When you’ve run out of food, just move onto cooking the utensils. That fork, cooked right makes for one appetizing bright green dish. Hey, cooking is all about experimenting.
Jokes aside. Do not leave your plastic handle forks on the stove. You don’t want luminous green liquid anywhere near your kitchen.
This spinach boy is pretty up there on the freak-demoter. That dental work alone needs some serious attention. If this is some tactic to get kids to eat their greens, we plead folks to just keep it old school and go back to Popeye.
Toothy Spinach Baby with Pastry Diaper is just not working for us. To say that it is unappetizing would be an understatement.

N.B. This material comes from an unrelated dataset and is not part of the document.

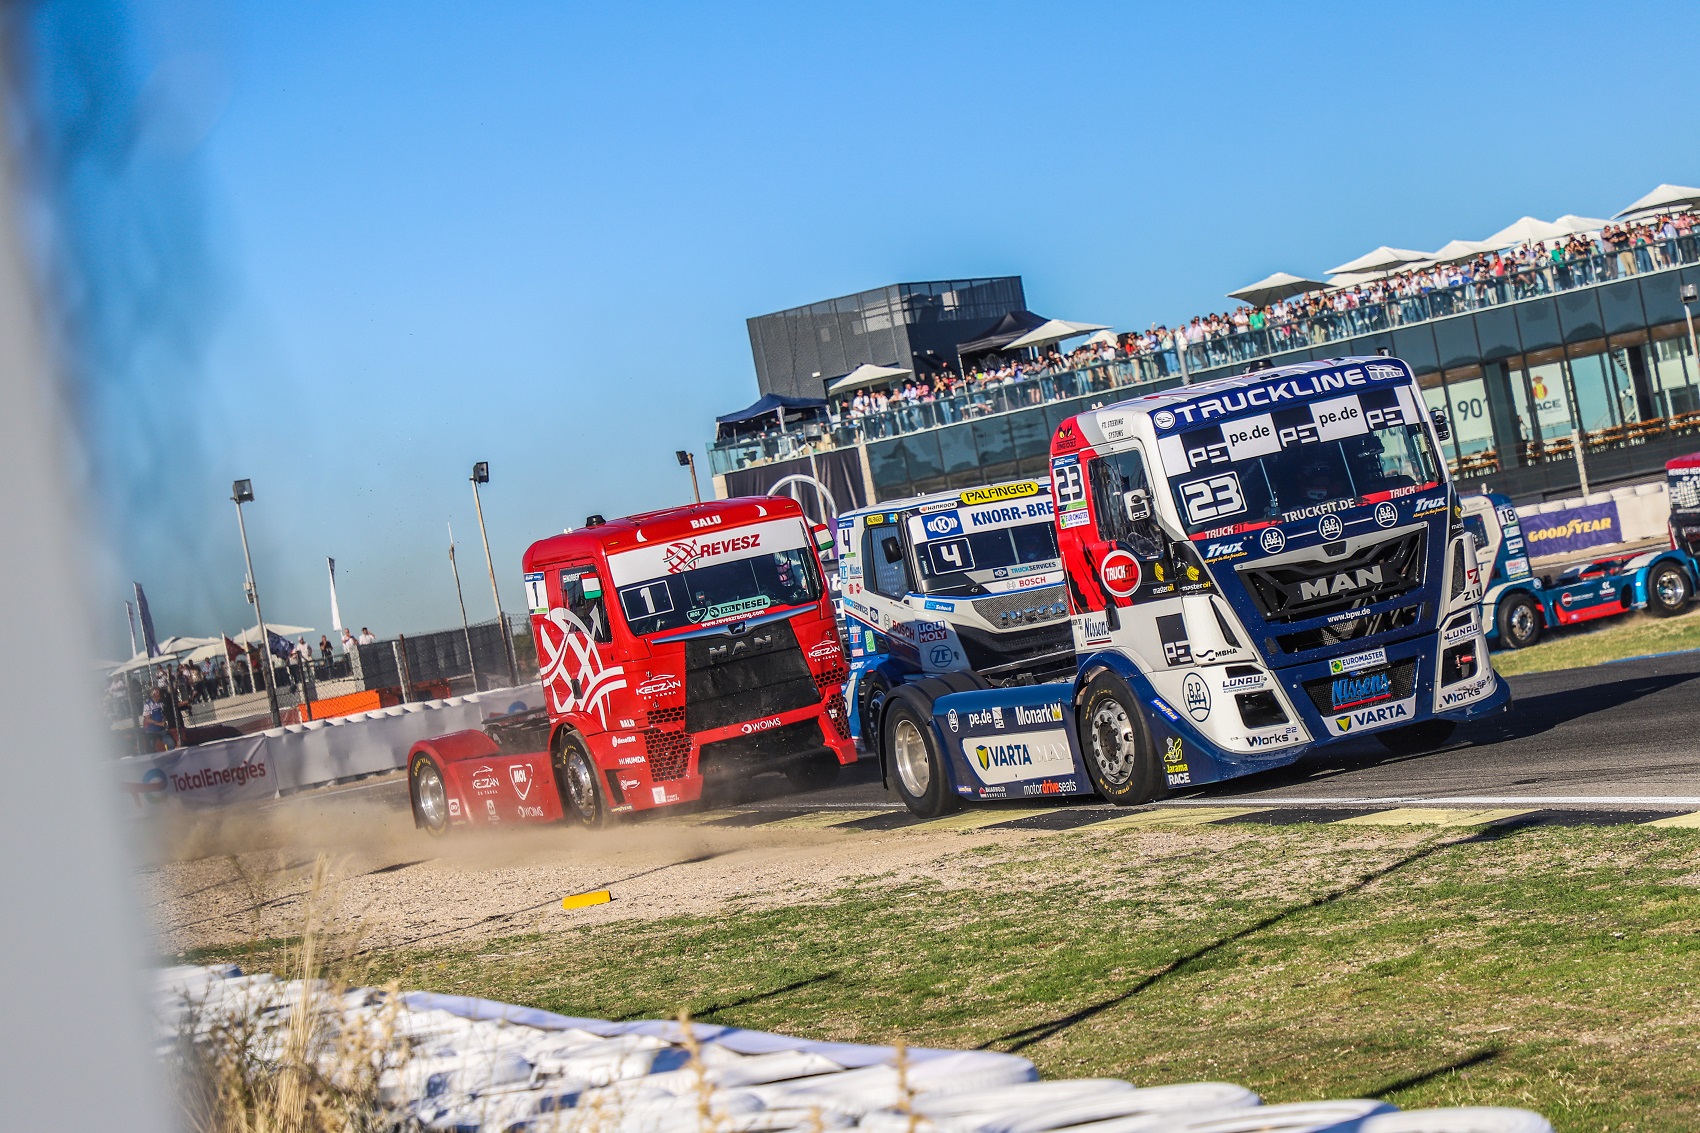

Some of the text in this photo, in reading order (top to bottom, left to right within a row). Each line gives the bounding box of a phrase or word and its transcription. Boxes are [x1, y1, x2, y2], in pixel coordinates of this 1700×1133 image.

Not everyone is a master sushi chef. It's hard to form that perfect roll. not to mention getting the sheet of seaweed to stick to the rice like a tailor-made little jacket. It takes a bunch of tries to achieve that. This is why this person aimed really low.
This literal little bed of rice and fish-shaped-something is the closest thing to sushi that this person is clearly capable of. We appreciate the little dollop of wasabi there too.
The Aerated" Pizza
This is certainly one way to make a pizza. Let everything just fall to the bottom. Oven paper? Who needs 'em? Baking trays? What's that? Just slap the whole thing on the griddle and let science do its magic.
Who needs plates anyway? Just scrape it out the bottom. We don't need to be fancy here. What is this? Rome?
Don't Cook and Drink
It seems simple enough. Toss in some mini pies and fries into the oven, and let heat and time do the rest. Wrong. A little too much heat and a lot of time resulted in this utter mess.
There can only be one thing to blame and that is that bottle of bubbly on the counter there. An entire bottle of champagne is fun, it can also play games with your memory.